Physiological dependence is not addiction. They are two different medical issues. Dependence is an issue that can be easily managed by reducing the medication dosage amount and frequency. Addiction is a psychological issue that is complex and will need ongoing, multidisciplinary treatment. Addiction is the continued usage of the medication beyond its therapeutic need.
Beginning in the 1990s, doctors began to prescribe pain medication, liberally to their patients. Patients had myriad reasons for needing pain medication and doctors now believed that a patient who is pain free, heals faster and has fewer complications during the recovery process. This only reinforced the prescribing of more opiates. A generation of potential addicts were introduced to a group of drugs that made addiction easy. These medications were easy to obtain, in fairly large quantities.
Along with patients who truly were suffering and in need of pain management, there were those who understood that they could divert these medications and generate income or even trade favors. Doctors had no way to monitor whether their patients were in fact the consumers of the 360 pills a month they were prescribing. A new revenue stream was made and those who were abusing had a supplier.
This went on for decades. Until the incidence of overdose began to rise and a few celebrities accidentally died from multiple drug intoxication. This brought the epidemic to the forefront. Authorities were desperate to stem the flood of overdoses from opiate derived prescription medications and illicit drugs.
We now have restrictions on how often and how many pills a patient can receive, along with reduced dosing guidelines. These changes have been made abruptly, with the intent to halt the diversion of the medications and overdoses. What these new laws have not addressed, are all the patients who have been taking these meds religiously for chronic pain, who do not abuse the medications and truly need them. These patients need a program to allow for reduction of dose over time. They have not received any such program.
What does this mean? Those that were able to get their hands on black market opiates, have had their supply dry up, those that were always abiding the law are now victims in this new opiate reduced era. This leaves both groups scrambling for supply. This has been a boon for the Heroin trade. Former law-abiding citizens, have now turned to illegal activity just for pain control measures.
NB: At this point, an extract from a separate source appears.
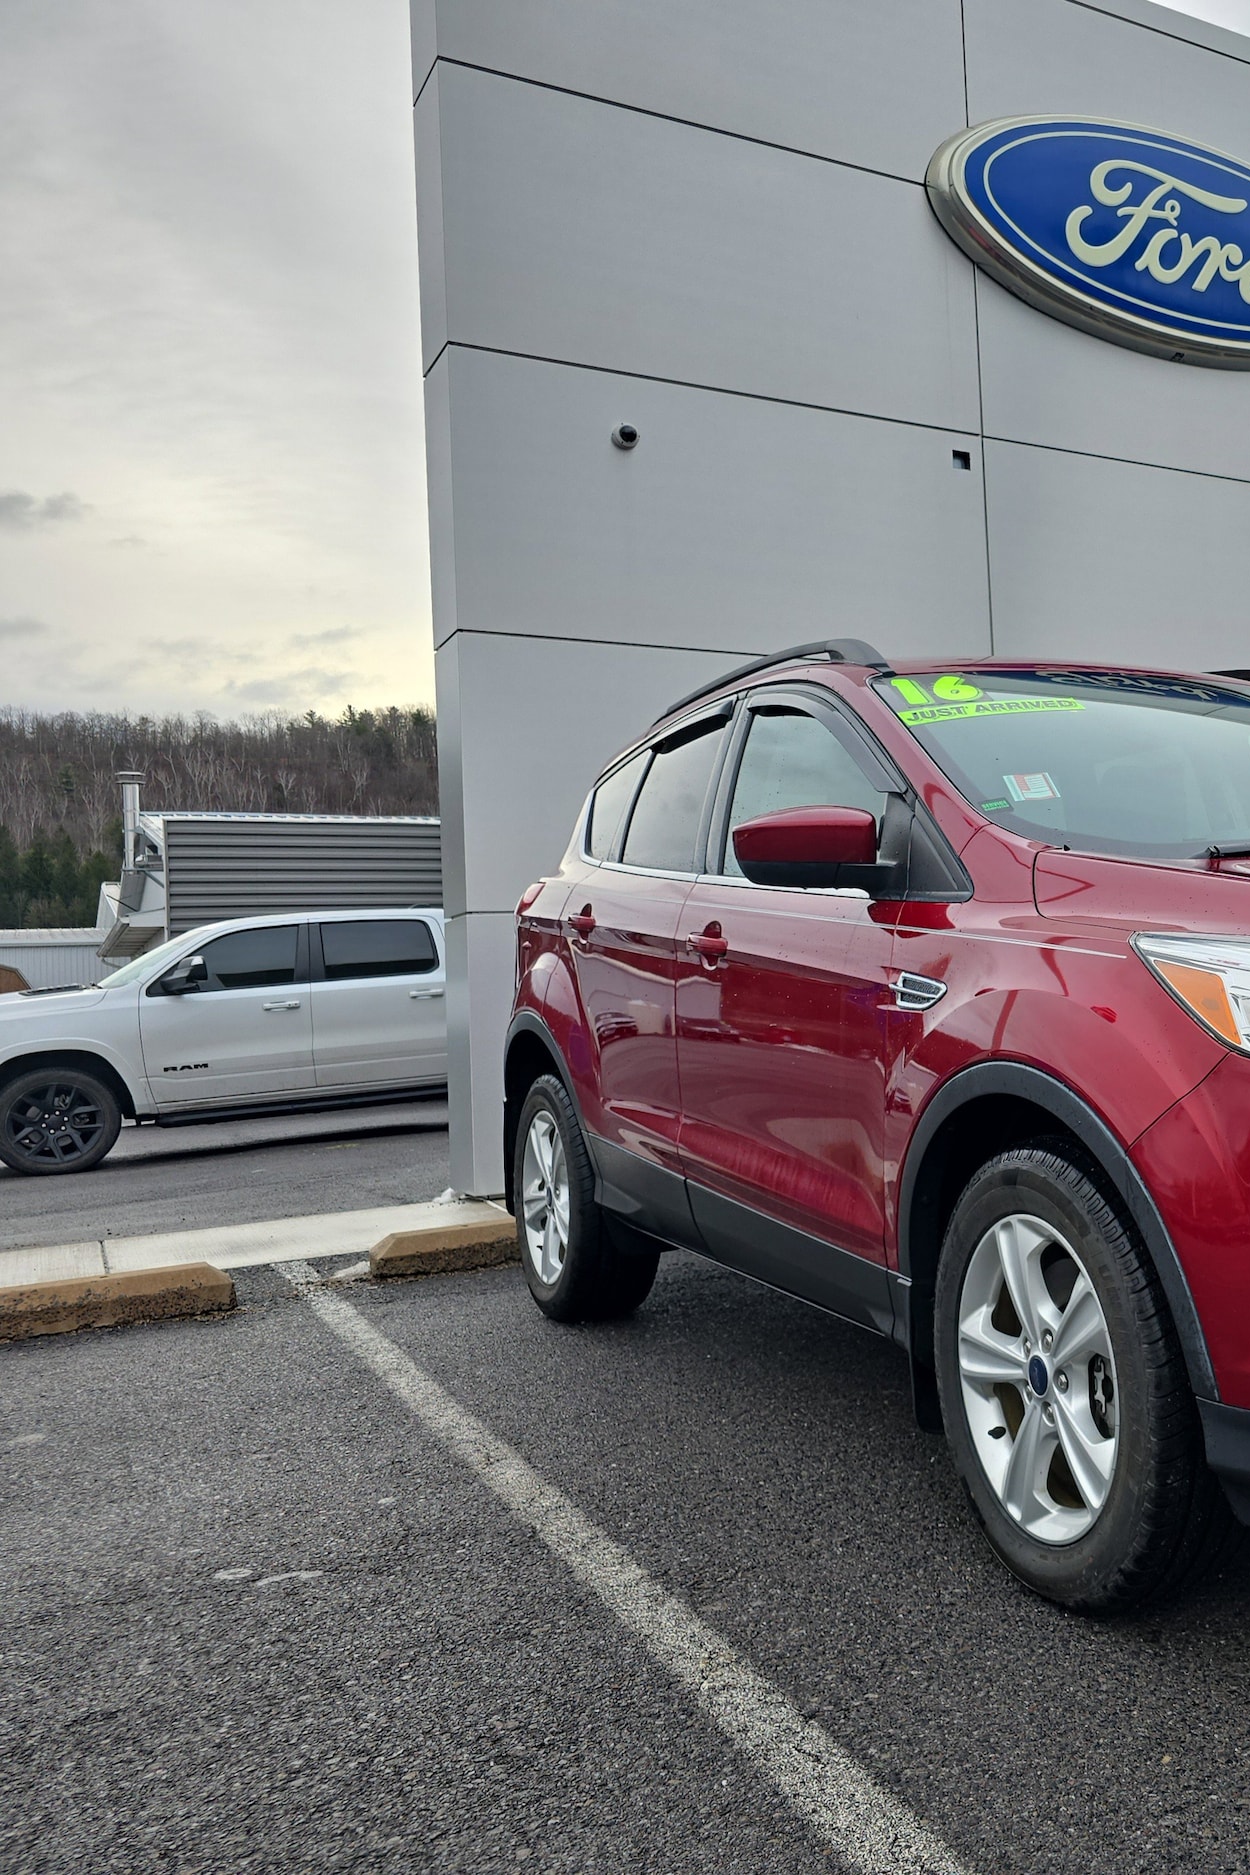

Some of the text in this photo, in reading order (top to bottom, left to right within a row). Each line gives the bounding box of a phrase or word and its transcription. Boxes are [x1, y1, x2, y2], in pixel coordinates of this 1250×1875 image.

The poor planning on behalf of the authorities, has now created a revenue stream for dealers and a large number of fatal overdoses from heroin, laced with fentanyl and carfentanil. Pre-hospital care providers, now use more naloxone than ever before. We are seeing patients from every single age, socio-economic and geographic group, overdosing on heroin and prescription opiates.
The crisis today, is a multifaceted problem, that has yet to receive a multifaceted solution. Until a plan is put in place to address every facet of the problem, our response to overdoses will continue to rise, as will the death toll.
Anne began her career in EMS in 1992 as a Basic EMT. The next logical step for her was teaching, which began in 1994 with CPR and Lab Instructing. Anne went on to achieve her Paramedic in 1998. She has worked in both Career/Commercial EMS and Volunteer Organizations. Most of her time today is spent educating Medical Professionals from Basic EMTs, to Phlebotomy and EKG Technicians at a local private college and is a Lead EMS Instructor for Medic-CE, teaching Paramedic and EMT refresher coursework. EMS has taught her that she is a life long learner and to that end, has returned to school, pursuing her BSN, while completing multiple Teaching Certifications for EMS Educating.